Il existe même une application qu'on peut ajouter à son téléphone et qui suit le ton et le rythme de votre voix. Quand elle détecte les patterns propres à la parole d'une personne déprimée, elle envoie un message à une personne ressource. C'est très bien si c'est vous qui l'avez installée et si la personne ressource est quelqu'un que vous avez choisi et en qui vous avez confiance. Mais imaginez si c'est l'employeur qui en fait la promotion et qui décide ainsi de surveiller ses employé·es !
Ce traitement individualiste ou micro-social de la question illustre fort bien l'hégémonie culturelle selon laquelle c'est l'individu qui pose problème, mais pas le contexte. On fait comme si l'environnement de travail pouvait être choisi par la personne, comme s'il n'était pas imposé par les structures industrielles et managériales. Quand on évoque l'importance de l'environnement, insécurité alimentaire, pauvreté, etc., on nous ramène à des solutions individuelles : « Trouvez à quoi vous raccrocher ». Une personne déprimée ne peut pas trouver par elle-même les moyens de se raccrocher à quelque chose. C'est son entourage qui doit s'en occuper.
D'ailleurs, à la fin, une intervenante souligne que les personnes dépressives ne peuvent pas trouver elles-mêmes la force de chercher de l'aide. Pourtant, personne ne fournit de moyen de remédier à cette situation et on n'indique pas à l'entourage comment procéder pour atteindre un proche déprimé.

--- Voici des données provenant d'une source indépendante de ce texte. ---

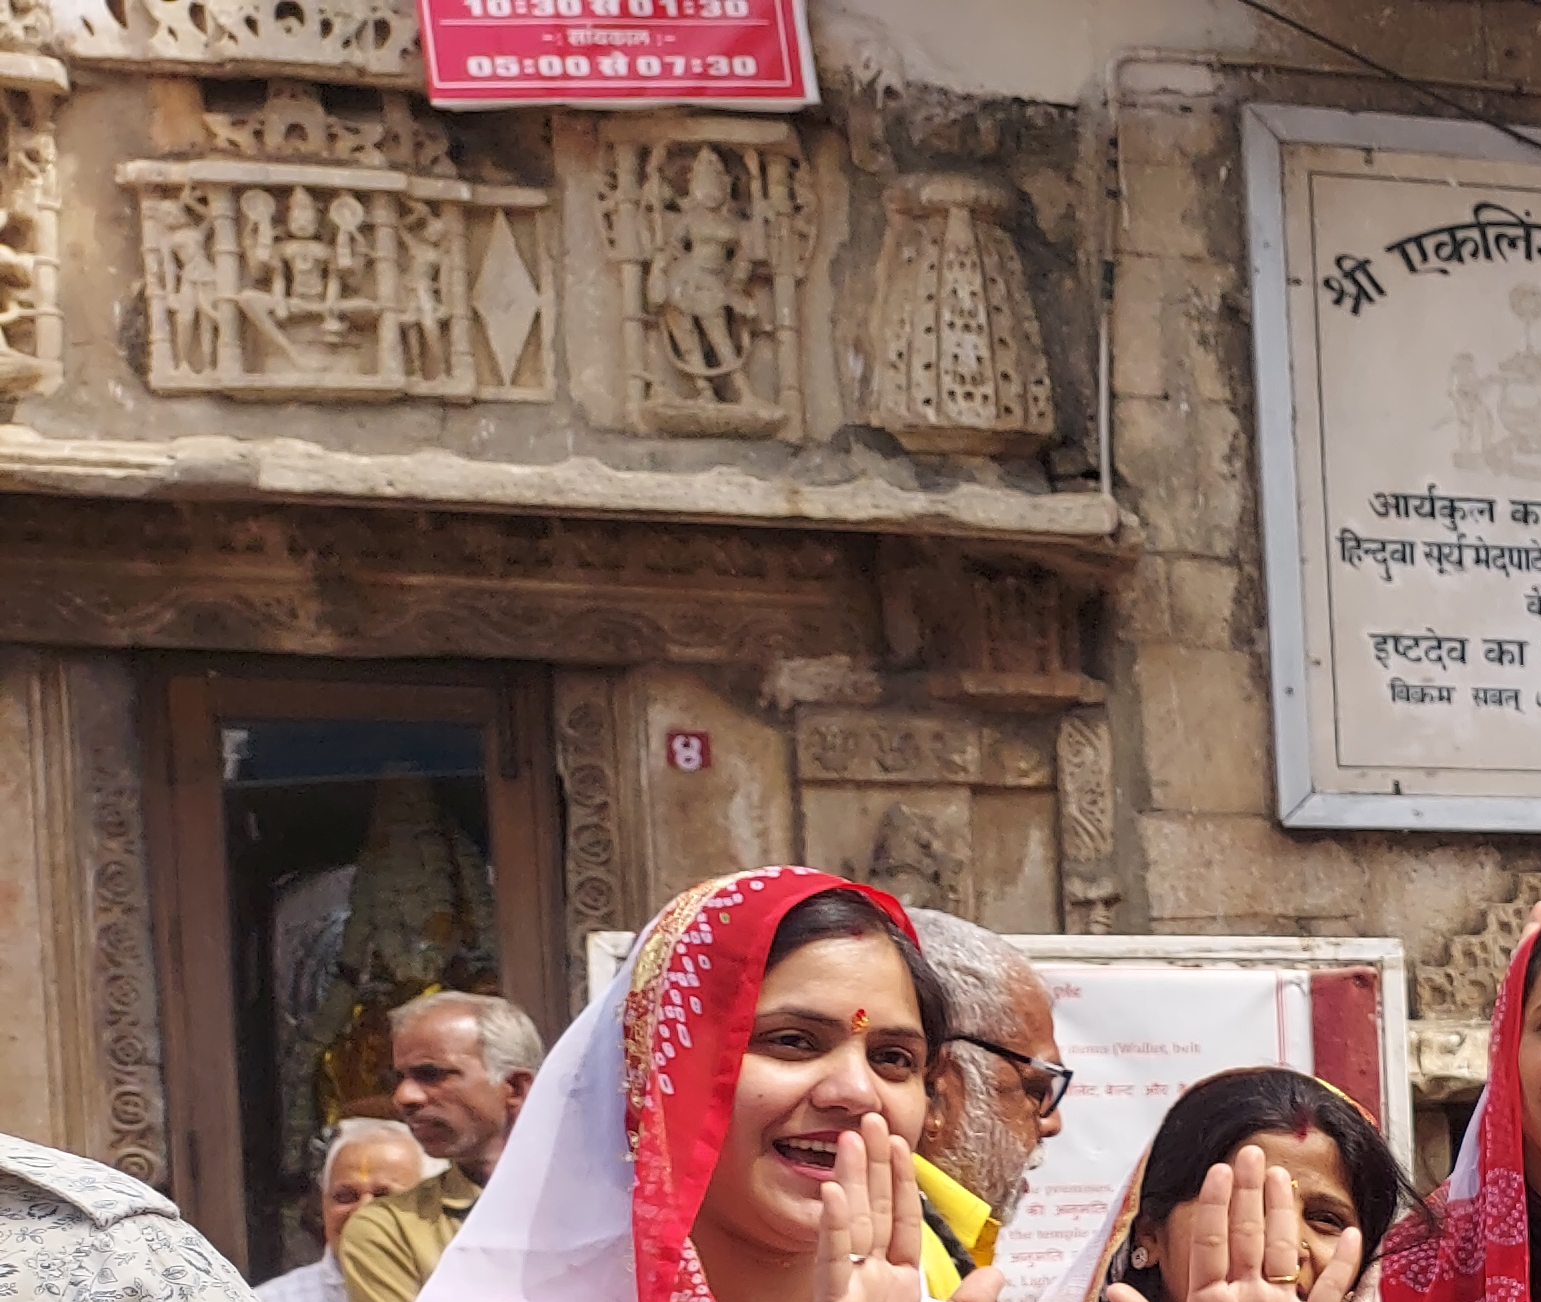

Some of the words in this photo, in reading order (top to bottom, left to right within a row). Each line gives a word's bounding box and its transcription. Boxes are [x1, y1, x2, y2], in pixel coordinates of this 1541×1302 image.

Pour tout ce qui concerne la prévention, on a absolument mis de côté la lutte à la pauvreté et l'amélioration des conditions de travail.
L'intervention préventive doit être plus large et plus systémique. Il faut des publicités sociétales pour aider l'entourage à détecter les signes de dépression chez les proches. Il faut des approches progressives et compréhensives pour aider les personnes qui en souffrent. Mais ce qu'il faut surtout, c'est des programmes de prévention du harcèlement à grande échelle, des formations pour apprendre à respecter les limites des employé·es et une transformation du monde du travail.
On doit adapter le travail à celleux qui le pratiquent et non l'inverse. Ça veut dire, entre autres, des comités d'employé·es qui peuvent intervenir de manière décisive sur la gestion du travail. Pour caricaturer les mesures de prévention, j'aimerais suggérer que le syndicalisme de combat, qui vise à améliorer tant la société que les milieux de travail, est un bon outil de prévention de la dépression.
Une gestion humaine autrement qu'en paroles ferait diminuer grandement le taux de dépression. La réduction de la pénibilité du travail permet de diminuer la détresse. Quand les gens ont une prise sur leur destin, ils sont moins dépressifs. Mais tout ça était déjà dans La société malade de la gestion de Vincent de Gaulejac, paru il y a bientôt 15 ans, et il est fort étonnant, ou au contraire très symptomatique, que personne n'y ait fait référence.